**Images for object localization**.
# # #

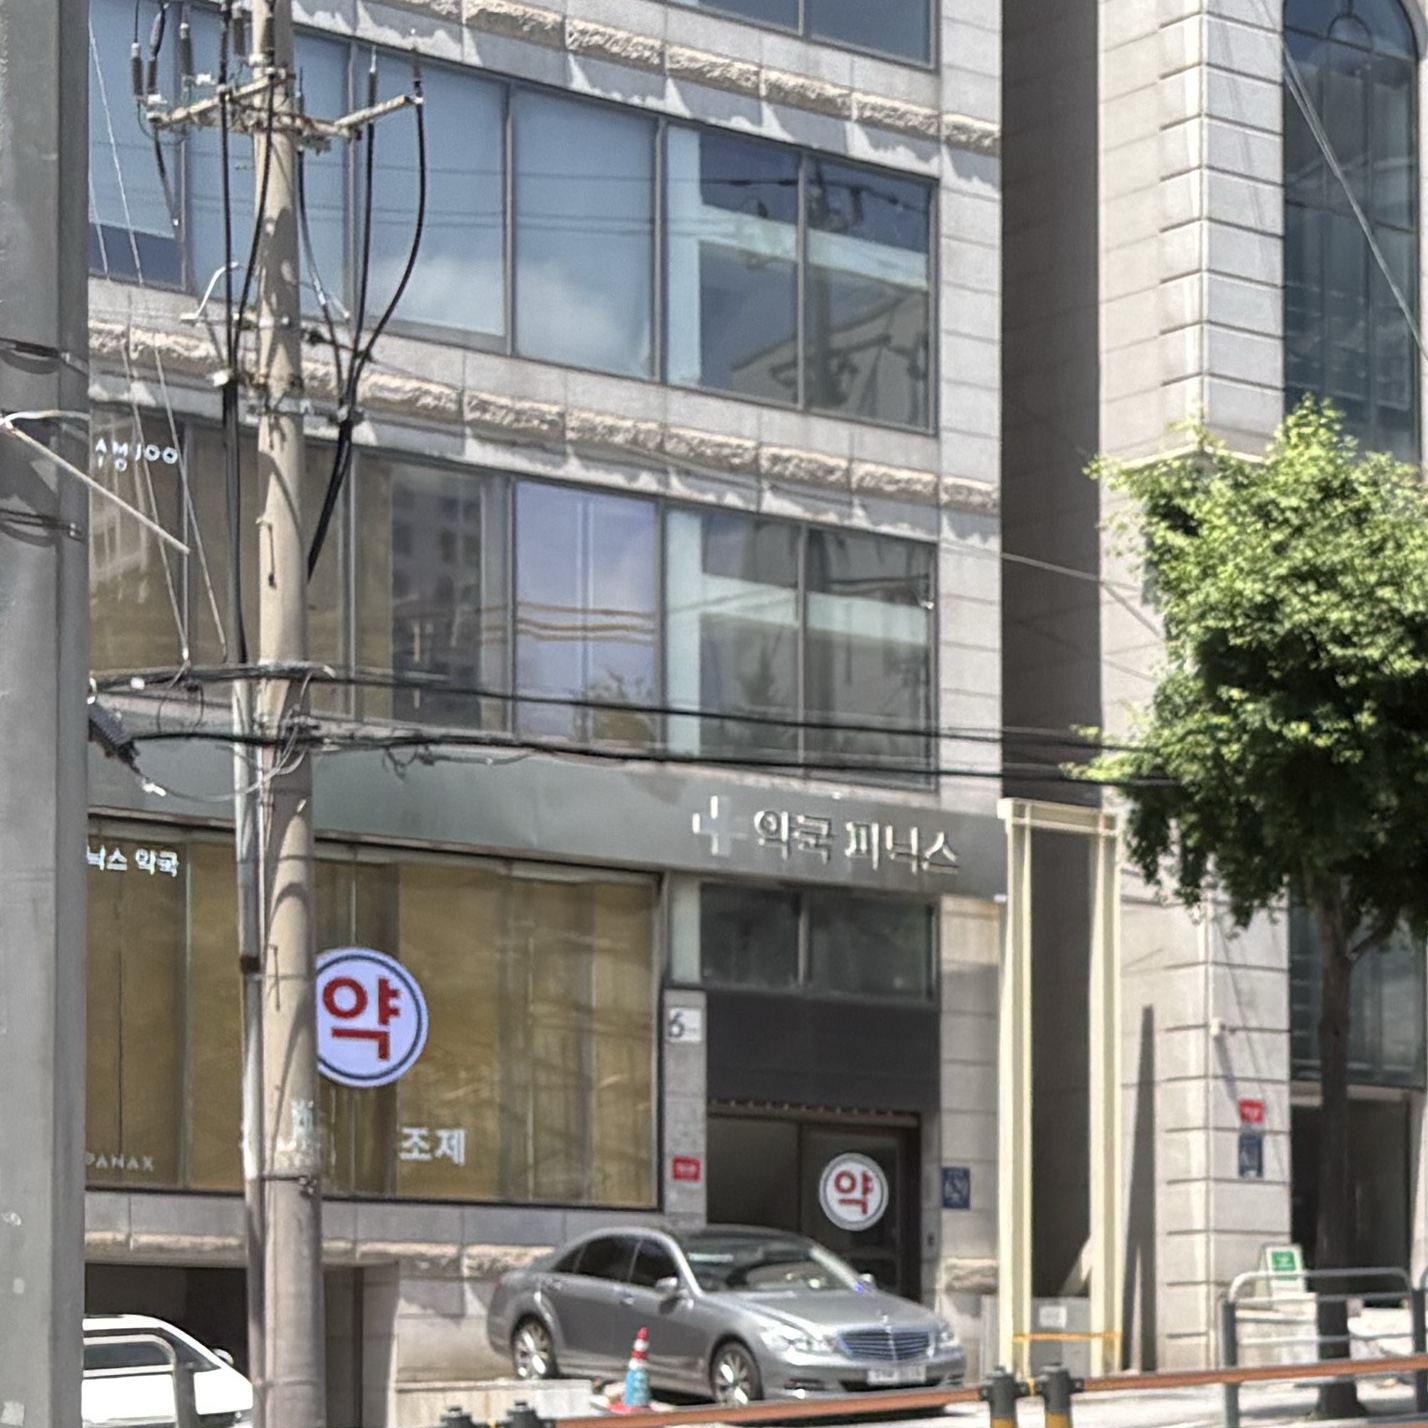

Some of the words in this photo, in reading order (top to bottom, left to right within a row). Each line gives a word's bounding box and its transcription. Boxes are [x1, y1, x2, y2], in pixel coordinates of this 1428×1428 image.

[753, 810, 832, 864] 약국
[135, 848, 180, 877] 약국
[322, 975, 401, 1061] 약
[668, 1010, 686, 1038] 6
[399, 1126, 466, 1168] 조제
[834, 1170, 874, 1215] 약
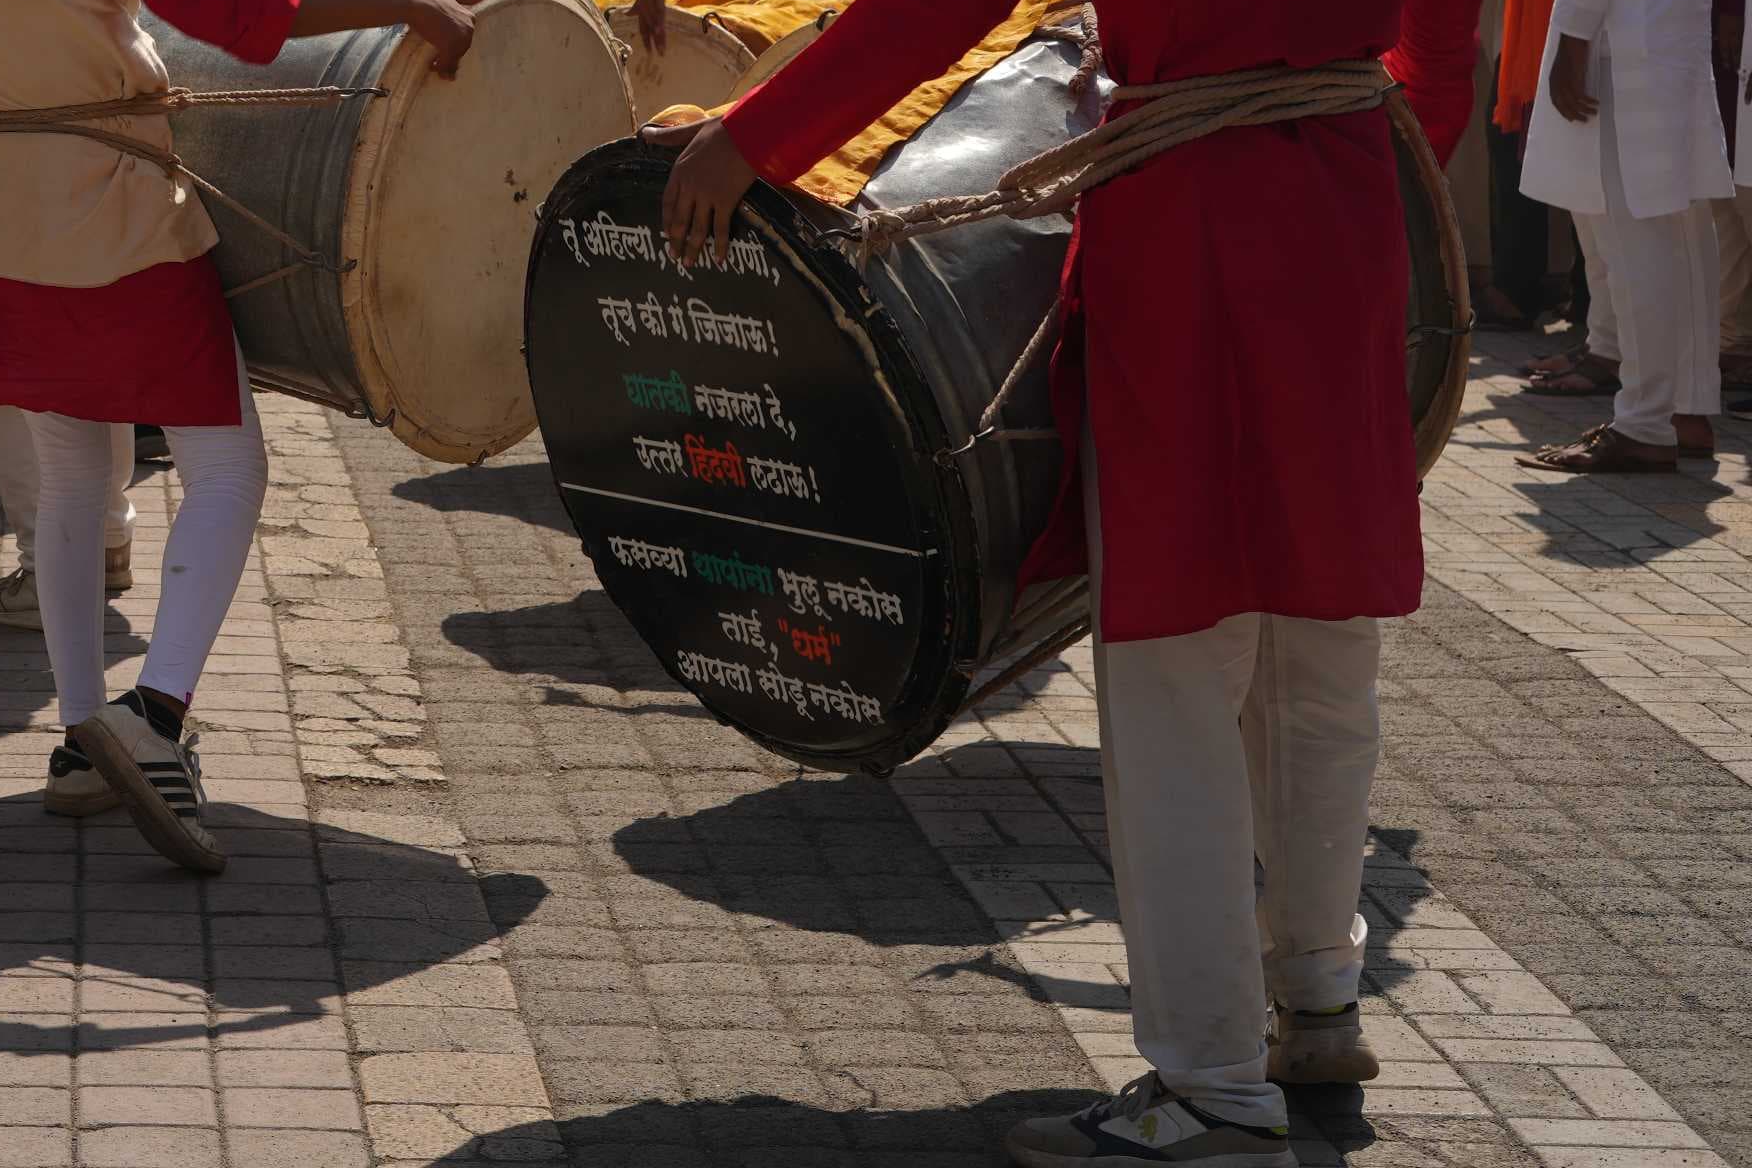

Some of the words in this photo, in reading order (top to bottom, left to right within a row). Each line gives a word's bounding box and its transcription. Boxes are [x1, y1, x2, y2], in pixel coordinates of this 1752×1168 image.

[558, 218, 591, 268] तू
[582, 210, 666, 271] अहिल्या,
[597, 296, 637, 347] तूच
[637, 291, 667, 339] की
[668, 293, 689, 343] गं
[686, 297, 780, 360] जिजाऊ!
[694, 384, 765, 430] नजरला
[763, 383, 797, 441] दे,
[632, 434, 689, 480] उत्तर
[683, 432, 747, 488] हिंदवी
[746, 456, 821, 504] लढाऊ!
[608, 535, 688, 579] फसव्या
[777, 567, 833, 622] भुलू
[823, 576, 905, 625] नकोस
[718, 609, 778, 662] ताई,
[676, 649, 753, 694] आपला
[755, 661, 815, 721] सोडू
[808, 680, 885, 725] नकोस
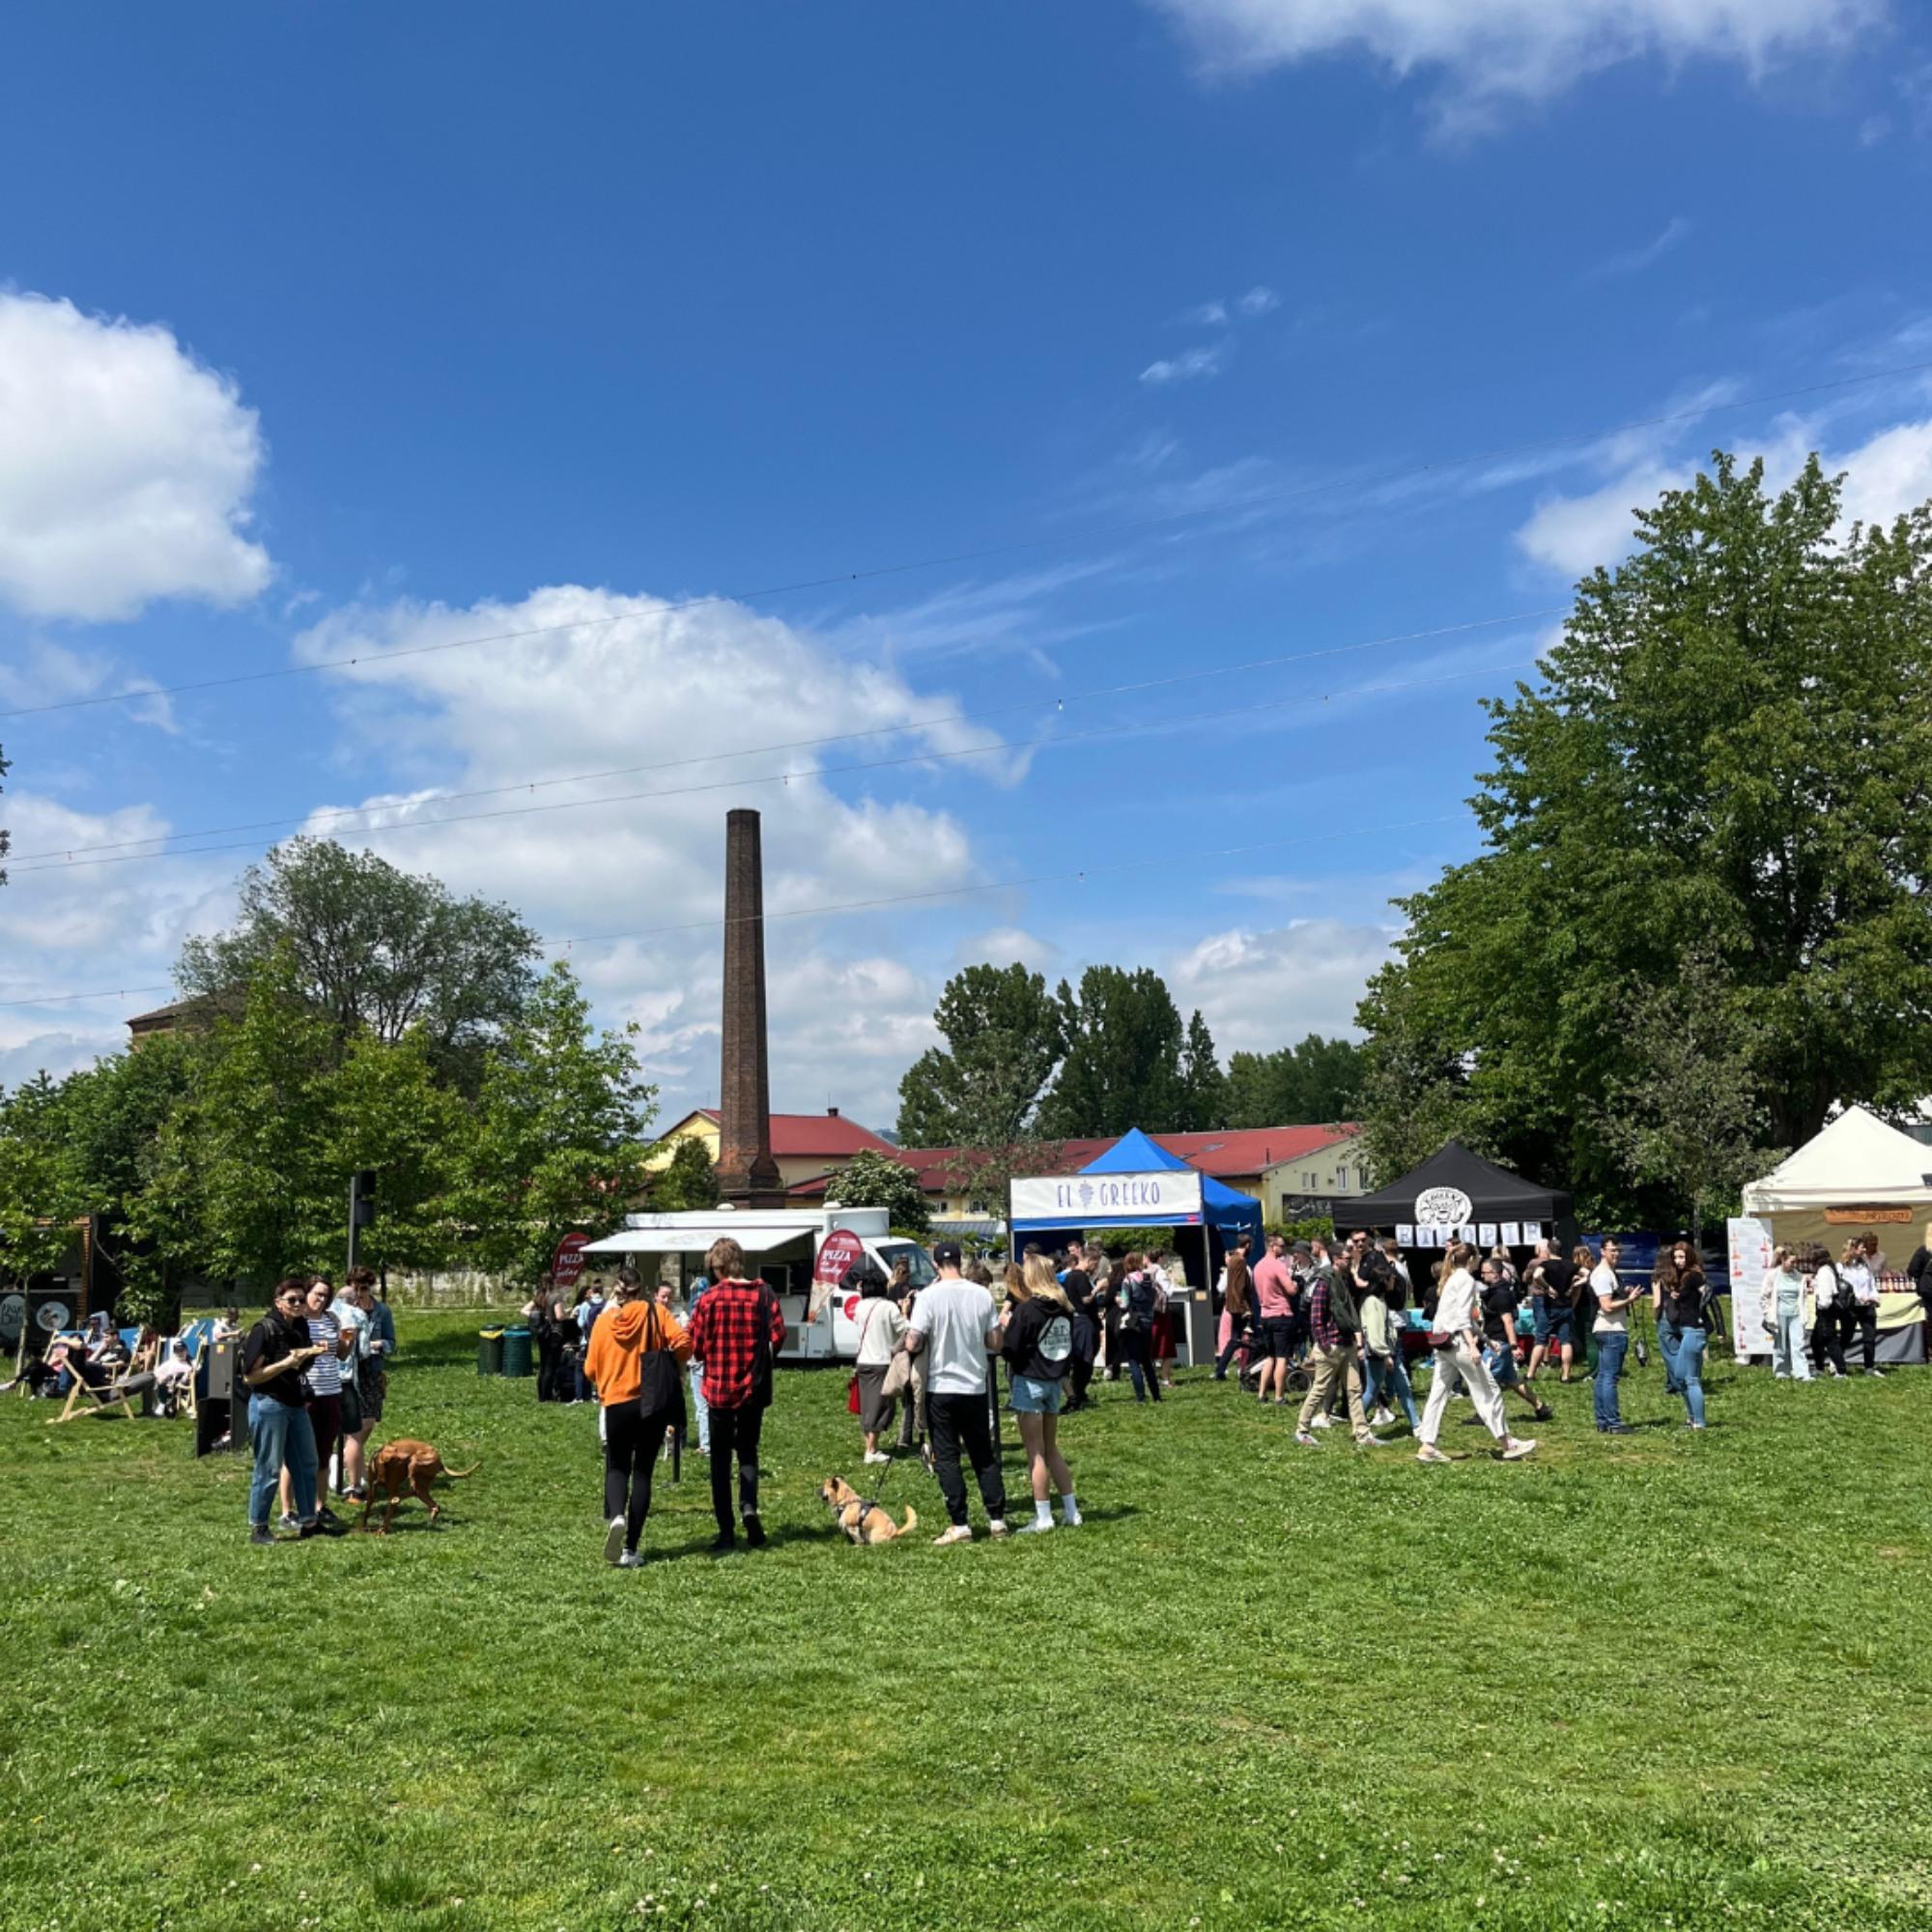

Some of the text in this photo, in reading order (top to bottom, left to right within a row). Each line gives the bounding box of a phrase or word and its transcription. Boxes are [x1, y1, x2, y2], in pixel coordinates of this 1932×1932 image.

[1057, 1181, 1160, 1208] EL GREEKO
[822, 1249, 851, 1262] PIZZA

# # #

**What the task asks**. Repeat, exactly as they stand, the line that contains "Some of the text" and all the lines after it in the data above.

**Task solution**.
Some of the text in this photo, in reading order (top to bottom, left to right within a row). Each line gives the bounding box of a phrase or word and its transcription. Boxes are [x1, y1, x2, y2], in pixel coordinates of this 1932×1932 image.

[1057, 1181, 1160, 1208] EL GREEKO
[822, 1249, 851, 1262] PIZZA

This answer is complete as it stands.